Abstract
La comprensione e la valutazione precisa del livello di dolore sono fattori chiave nella terapia di riabilitazione. Il dolore è un’esperienza complessa e soggettiva che è influenzata dalle emozioni e dalle condizioni di salute di un individuo. Sono stati sviluppati vari metodi per la valutazione quantitativa del livello di dolore; tuttavia, questi metodi hanno diversi svantaggi. In questo lavoro, abbiamo sviluppato un dispositivo di misurazione del dolore per la valutazione quantitativa del dolore. Il sistema consiste di due parti, un componente per la stimolazione elettrica e un dolorimetro a pressione, per l’applicazione di due diverse sollecitazioni. Per quanto riguarda la stimolazione elettrica, il grado di dolore è valutato dalla corrente applicata. Anche la resistenza della pelle è stata analizzata applicando la corrente per eliminare gli effetti causati dalle condizioni della pelle. La stimolazione elettrica non ha indotto alcun cambiamento istologico o infiammazione nei tessuti. Utilizzando il dolorimetro a pressione, il livello di dolore è stato valutato in base al grado di infiammazione. Questo sistema potrebbe essere utilizzato per la valutazione quantitativa del dolore indotto da infiammazioni, ferite e altri fattori. Poiché il sistema descritto è il primo del suo genere, ci sono molti problemi che rimangono da risolvere. Tuttavia, con il continuo sviluppo, il nostro sistema potrebbe fornire una valutazione del dolore più accurata rimuovendo gli effetti delle condizioni della pelle e attraverso la convalida incrociata.
1. Introduzione
La valutazione della scala del dolore di un paziente è una questione importante durante la riabilitazione. Tuttavia, la misurazione del dolore è difficile perché è una sensazione complessa associata a caratteristiche ed esperienze personali. Sono stati sviluppati vari metodi per valutare la scala del dolore, tra cui Visual Analog Scale (VAS), Numerical Rating Scale (NRS), Verbal Rating Scale (VRS), FACES Pain Rating Scale (FPRS), e McGill Pain Questionnaire (MPQ). Tra questi, VAS e FPRS sono stati principalmente utilizzati in ambito clinico. La VAS è progettata come una linea retta di lunghezza fissa, 10 centimetri. Le estremità sono definite come i limiti estremi del parametro da misurare, orientati da “nessun dolore” al “peggior dolore immaginabile”. I pazienti segnano sulla linea corrispondente all’intensità del dolore che provano attualmente. La NRS istruisce i pazienti a scegliere un numero da 0 a 10 che meglio descrive la loro attuale intensità del dolore. 0 significa “nessun dolore” e 10 significa “il peggior dolore possibile”. Il VRS è un metodo di valutazione del dolore che è espresso in parole invece che in numeri. I pazienti scelgono una frase come nessun dolore, dolore moderato, dolore grave, dolore molto grave, e peggior dolore possibile per descrivere la loro sensazione di dolore. La FPRS è una scala del dolore a sei punti con sei diverse facce che rappresentano livelli di dolore crescenti. Ai pazienti viene chiesto di selezionare l’espressione che meglio caratterizza l’intensità del dolore, da “nessun dolore” a “dolore grave”. Tutti questi metodi sono soggettivi e dipendono dall’esperienza personale e dalle emozioni. Pertanto, ci sono notevoli variazioni individuali nel dolore valutato che risultano in una difficile valutazione quantitativa.

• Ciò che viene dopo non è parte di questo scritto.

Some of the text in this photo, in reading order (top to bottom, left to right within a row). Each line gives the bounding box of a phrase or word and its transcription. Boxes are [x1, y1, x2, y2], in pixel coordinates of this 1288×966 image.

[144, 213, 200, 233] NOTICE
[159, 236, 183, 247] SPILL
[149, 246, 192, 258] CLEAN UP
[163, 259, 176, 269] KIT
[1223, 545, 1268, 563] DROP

Recentemente, è stato introdotto un metodo quantitativo di valutazione del dolore che utilizza la stimolazione elettrica. I dispositivi PainVision™ misurano la soglia di percezione e il dolore prodotto da una corrente elettrica. Questo sistema quantifica l’intensità del dolore confrontando il dolore sperimentato con l’intensità delle percezioni elettriche. La soglia di percezione indica la minima corrente elettrica percepita dall’individuo, e il dolore prodotto è definito come la massima corrente elettrica percepita dall’individuo. Tuttavia, la resistenza della pelle di un individuo può influenzare il risultato della misurazione elettrica.
I fattori più importanti nello sviluppo di un dispositivo di misurazione del dolore sono l’obiettività, la precisione e la valutazione quantitativa. PainVision è un sistema che permette ai pazienti di effettuare misurazioni indipendentemente dalla resistenza della pelle. La resistenza della pelle varia con le condizioni e l’ambiente del paziente. È difficile spiegare la correlazione con le misurazioni precedenti se il dolore viene misurato trascurando la resistenza della pelle. Ma, il nostro sistema misura dalla resistenza cutanea del paziente prima di misurare il dolore.

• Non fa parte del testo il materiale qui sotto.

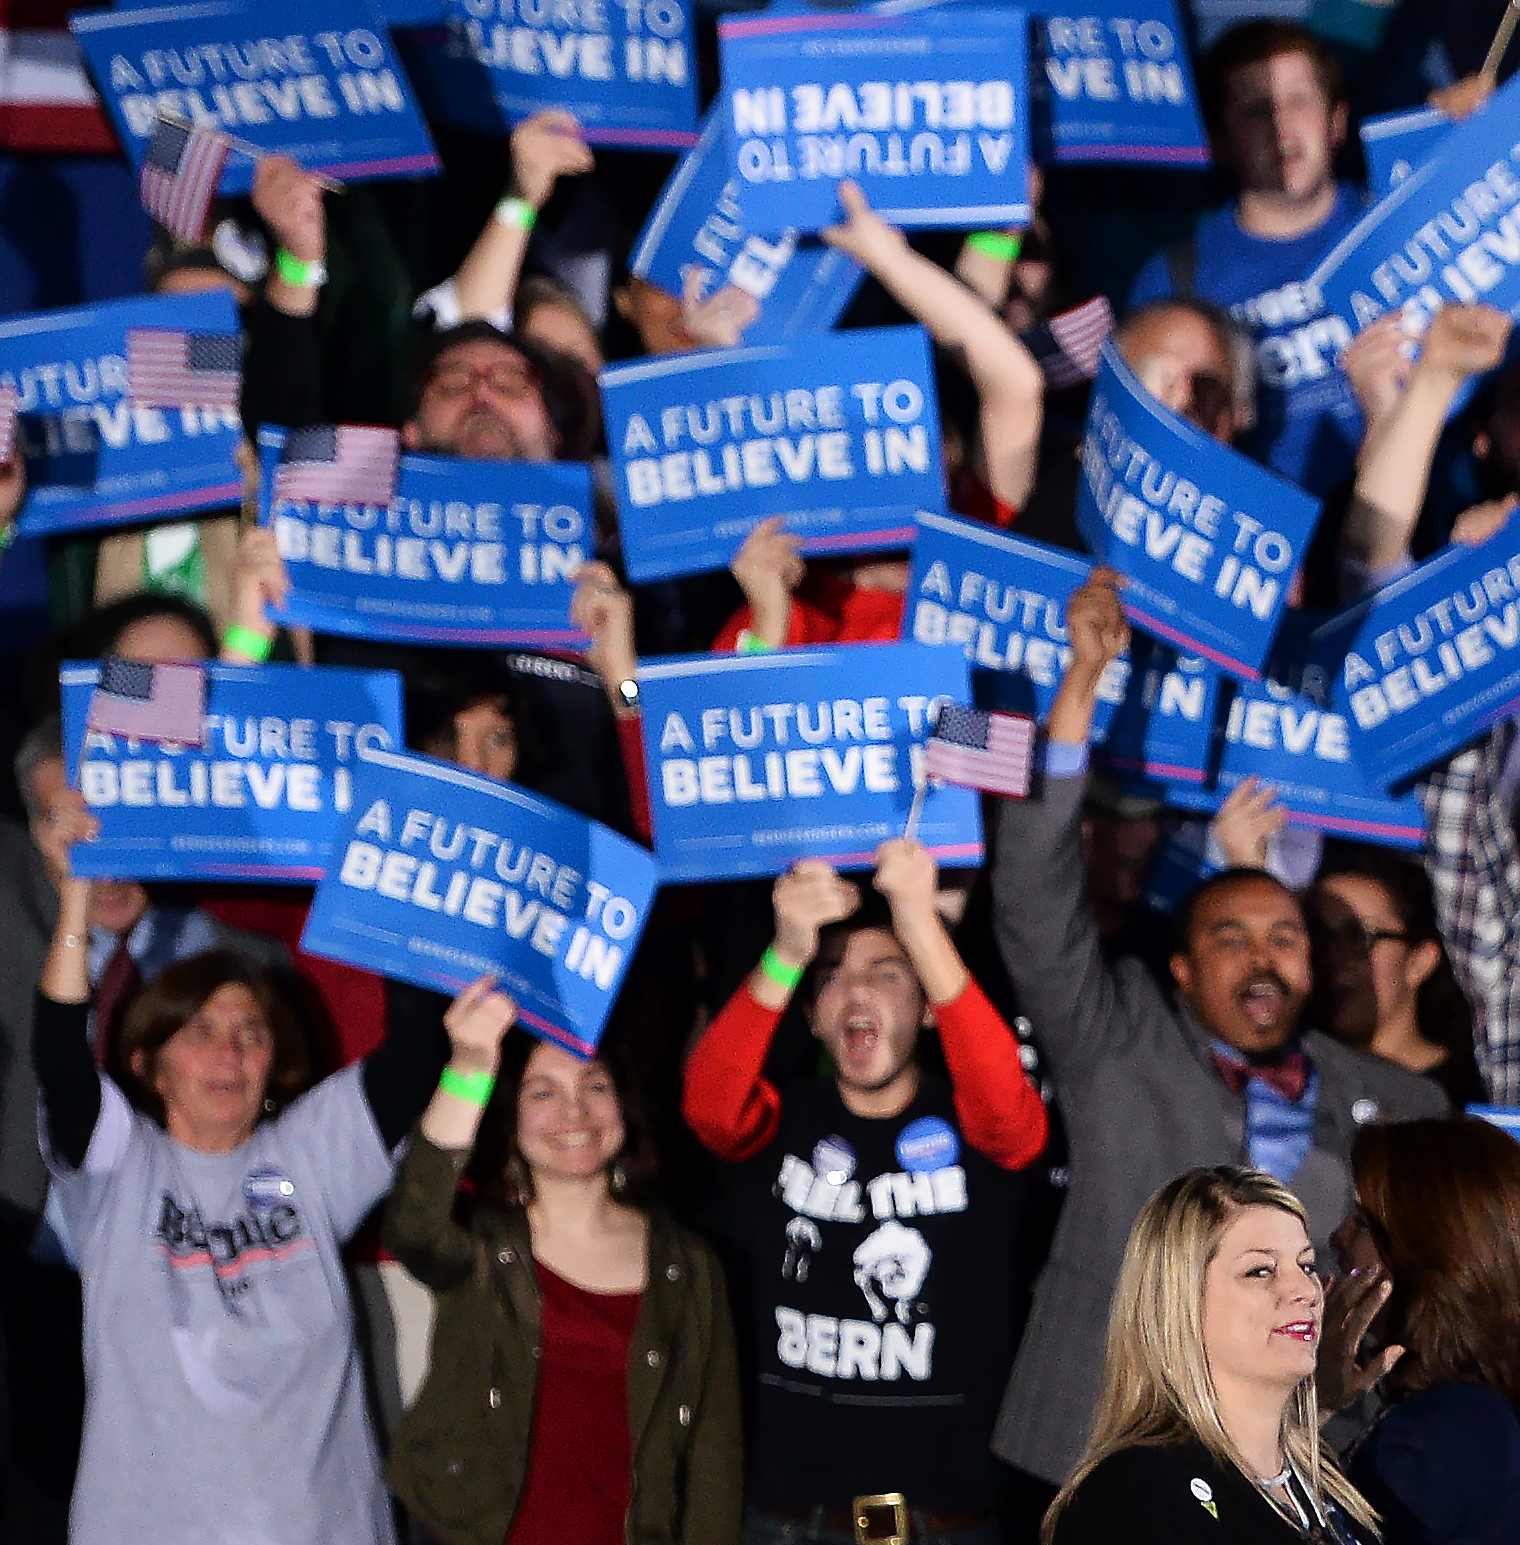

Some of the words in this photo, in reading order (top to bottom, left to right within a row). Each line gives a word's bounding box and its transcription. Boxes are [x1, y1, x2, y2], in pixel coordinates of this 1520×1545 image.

[110, 52, 141, 93] A
[143, 36, 303, 85] FUTURE
[312, 28, 384, 70] TO
[625, 40, 687, 86] IN
[1106, 17, 1174, 60] TO
[338, 72, 405, 115] IN
[792, 80, 1016, 132] BELIEVE
[1123, 60, 1186, 103] IN
[733, 87, 787, 137] IN
[738, 140, 793, 184] TO
[802, 134, 972, 179] FUTURE
[978, 134, 1014, 174] A
[623, 413, 660, 455] A
[660, 384, 847, 449] FUTURE
[850, 378, 925, 423] TO
[625, 431, 854, 507] BELIEVE
[865, 424, 931, 474] IN
[510, 502, 584, 545] TO
[1232, 508, 1294, 573] TO
[274, 516, 508, 585] BELIEVE
[921, 560, 953, 598] A
[1212, 553, 1281, 622] IN
[1342, 647, 1377, 693] A
[660, 711, 696, 753] A
[701, 695, 895, 746] FUTURE
[79, 760, 325, 812] BELIEVE
[660, 743, 898, 808] BELIEVE
[354, 799, 395, 840] A
[399, 808, 582, 913] FUTURE
[585, 878, 640, 944] TO
[338, 840, 571, 959] BELIEVE
[563, 928, 624, 992] IN

Dopo aver determinato il valore della resistenza cutanea di base del paziente, si misura il dolore. Cioè, il valore di resistenza della pelle è uno standard. Quando il valore di riferimento è preparato, una descrizione della correlazione dei valori del dolore misurati prima e dopo la misurazione del dolore diventa possibile.
In questo lavoro, abbiamo sviluppato un dispositivo di misurazione del dolore che ha due metodi di analisi, la stimolazione elettrica e l’applicazione della pressione, per una valutazione di validazione incrociata più accurata. Durante la stimolazione elettrica, lo stress elettrico viene applicato su un sito non doloroso e poi lo stress osservato può essere paragonato al dolore. I tessuti sollecitati elettricamente sono stati esaminati istologicamente per identificare se la stimolazione elettrica ha causato danni ai tessuti. Durante la valutazione della pressione, il dolore è stato valutato applicando una pressione sul sito del dolore. L’infiammazione è stata indotta sulla zampa posteriore del ratto dalla carragenina, e poi la zampa posteriore infiammata è stata stimolata da uno stimolatore di pressione di tipo manuale. Il sito di pressione è stato poi confrontato con i livelli di infiammazione.
2. Materiale e metodi
2.1. Principio e componenti del dispositivo di misurazione del dolore
Il dispositivo di misurazione del dolore è stato sviluppato per l’analisi quantitativa del dolore. Il dispositivo è composto da due parti principali che includono un componente per la stimolazione elettrica e un dolorimetro a pressione, come mostrato nella Figura 1. La stimolazione può essere applicata separatamente all’individuo sia elettricamente che tramite pressione. Confrontando la risposta alla stimolazione elettrica e alla pressione, potremmo ottenere risultati più accurati. Durante la stimolazione elettrica, il dolore sperimentato dai pazienti è sostituito dalla stimolazione elettrica; in particolare, il valore di corrente applicato è tradotto in un valore di dolore sperimentato o sperimentabile. Inoltre, valutando la stimolazione elettrica e la resistenza della pelle allo stesso tempo, ci aspettiamo di valutare oggettivamente il dolore nonostante le condizioni variabili come i cambiamenti della pelle e del corpo, il tempo o le condizioni ambientali. Mentre si usa il dolorimetro a pressione, la pressione viene applicata direttamente al sito del dolore e l’insorgenza del dolore viene misurata dalla quantità di pressione.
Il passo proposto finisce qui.